Sicurezza e prevenzione in ogni luogo di lavoro, la figura del RLS

Il Rappresentante dei Lavoratori per la Sicurezza è la persona eletta o designata all’interno
della RSU per rappresentare i lavoratori sugli aspetti che concernono la salute e la sicurezza durante il lavoro.

È una figura resa obbligatoria in tutti i luoghi di lavoro dal D.Lgs 626/94. La legge e il CCNL (art. 71) attribuiscono al Rappresentante dei Lavoratori per la Sicurezza una serie articolata di compiti e funzioni. Il Rappresentante dei Lavoratori per la Sicurezza gode delle stesse e identiche tutele previste dalla legge per il delegato sindacale.

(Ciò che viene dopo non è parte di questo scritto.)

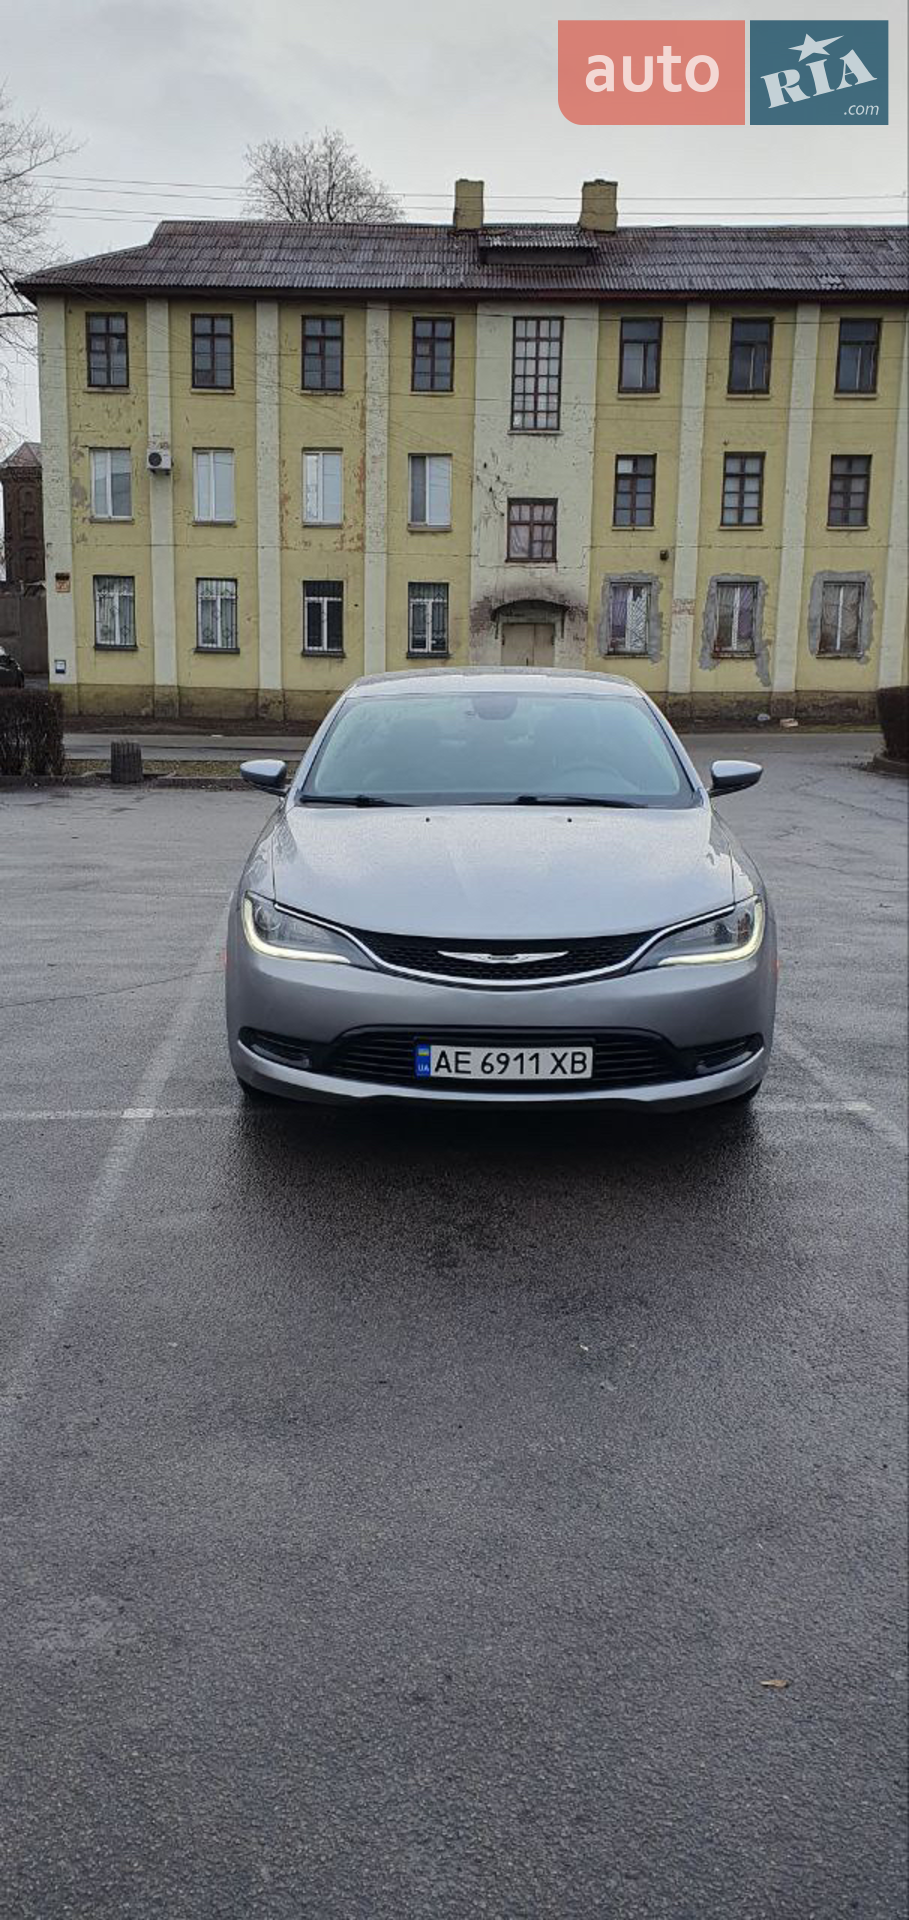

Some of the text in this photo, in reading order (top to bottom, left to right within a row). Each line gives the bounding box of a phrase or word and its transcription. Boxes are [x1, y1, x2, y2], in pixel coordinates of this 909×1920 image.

Quattro sono i diritti fondamentali riconosciuti al Rappresentante dei Lavoratori per la Sicurezza:

  • diritto all’informazione;
  • diritto alla formazione;
  • diritto alla consultazione e alla partecipazione;
  • diritto al controllo e alla verifica.

Gli obblighi a cui deve adempiere, invece, sono:

  • avvertire il responsabile dell’azienda dei rischi individuati nello svolgimento del suo ruolo;
  • mantenere il segreto d’ufficio.

È evidente che per esplicare al meglio e pienamente il proprio mandato il RLS deve coordinare la sua azione con quella della RSU.